Start of Block

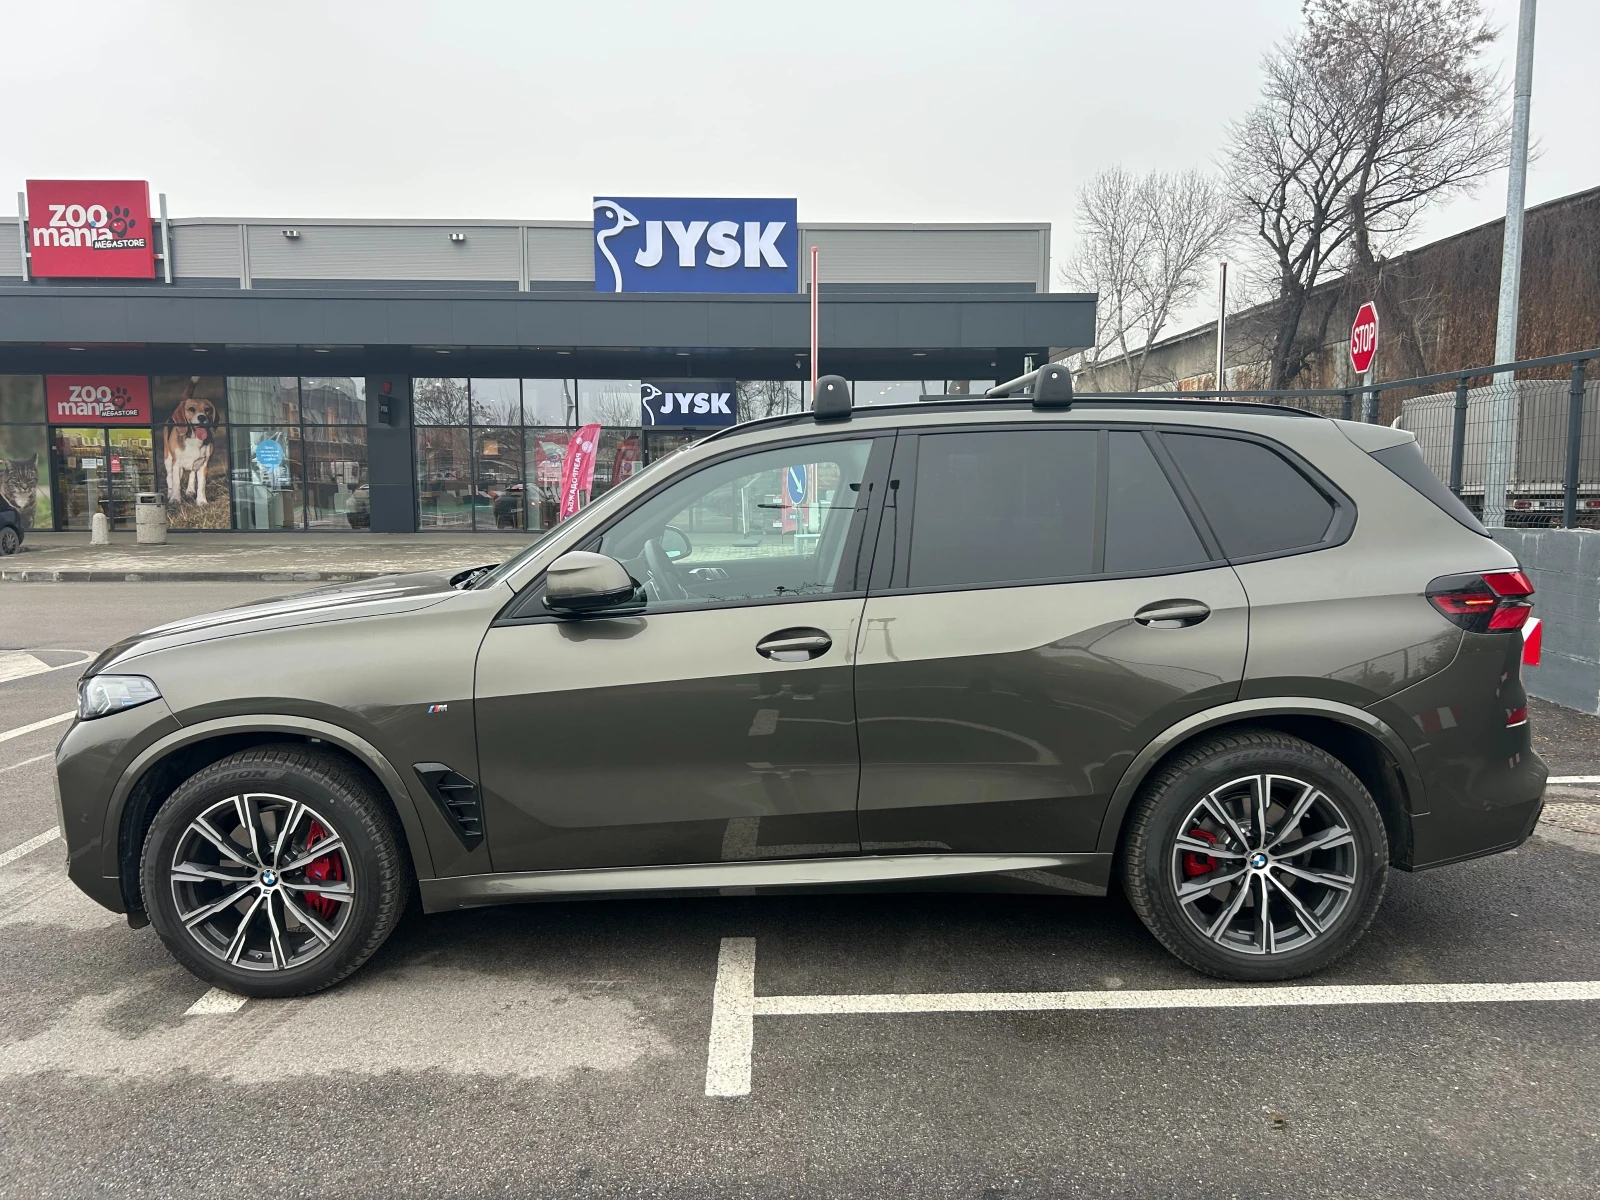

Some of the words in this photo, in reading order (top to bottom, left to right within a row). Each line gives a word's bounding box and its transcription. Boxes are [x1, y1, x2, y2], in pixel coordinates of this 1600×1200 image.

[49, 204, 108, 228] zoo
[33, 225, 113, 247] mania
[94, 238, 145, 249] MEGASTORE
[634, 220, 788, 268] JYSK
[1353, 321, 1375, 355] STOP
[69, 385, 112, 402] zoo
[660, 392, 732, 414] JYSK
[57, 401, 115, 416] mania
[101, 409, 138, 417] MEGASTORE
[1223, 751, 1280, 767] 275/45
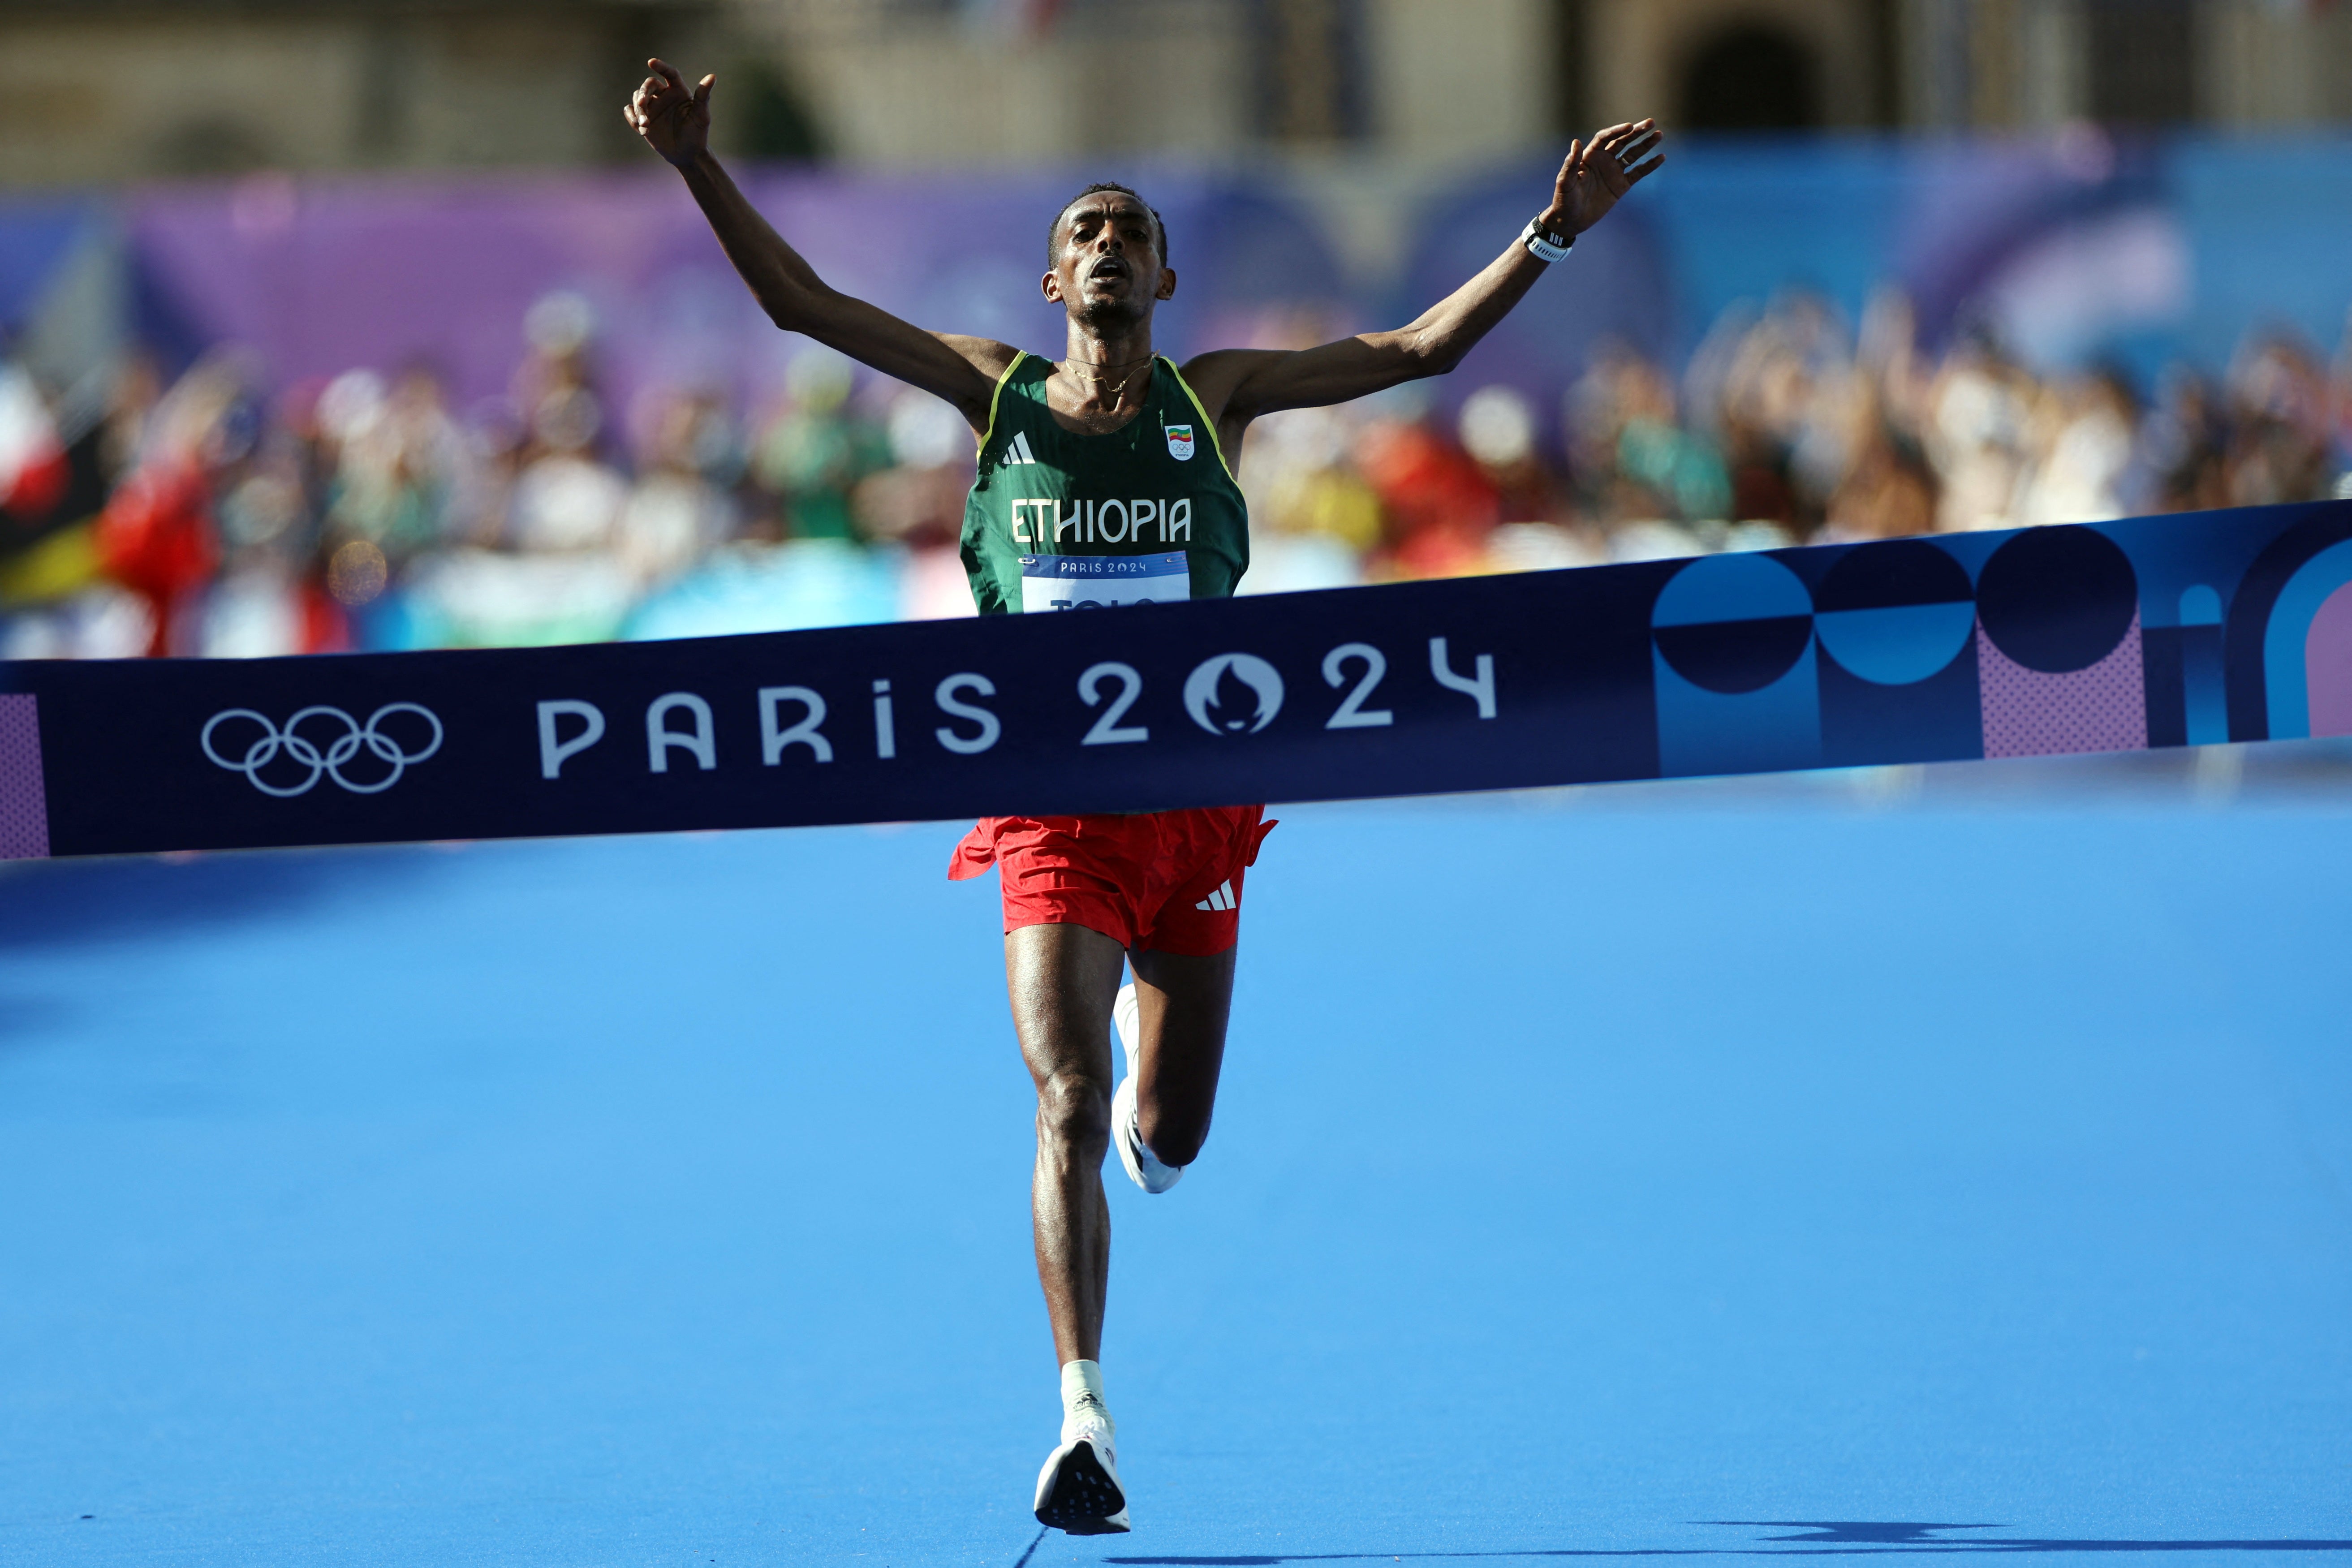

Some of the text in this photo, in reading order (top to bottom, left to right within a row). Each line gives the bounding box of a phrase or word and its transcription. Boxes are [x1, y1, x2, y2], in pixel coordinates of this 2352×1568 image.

End of Block

▶ **WHAT IS REQUIRED**
Everything in the preceding material must be transcribed exactly, except the images.

▶ **THE ANSWER**
Some of the words in this photo, in reading order (top to bottom, left to right within a row). Each line gives a word's bounding box and its transcription. Boxes are [x1, y1, x2, y2], in pixel coordinates of this 1600×1200 image.

[49, 204, 108, 228] zoo
[33, 225, 113, 247] mania
[94, 238, 145, 249] MEGASTORE
[634, 220, 788, 268] JYSK
[1353, 321, 1375, 355] STOP
[69, 385, 112, 402] zoo
[660, 392, 732, 414] JYSK
[57, 401, 115, 416] mania
[101, 409, 138, 417] MEGASTORE
[1223, 751, 1280, 767] 275/45

Some of the text in this photo, in reading order (top to bottom, left to right within a row). Each line gives the bounding box of a phrase or word and its transcription. Boxes are [x1, y1, x2, y2], in pixel coordinates of this 2352×1568 image.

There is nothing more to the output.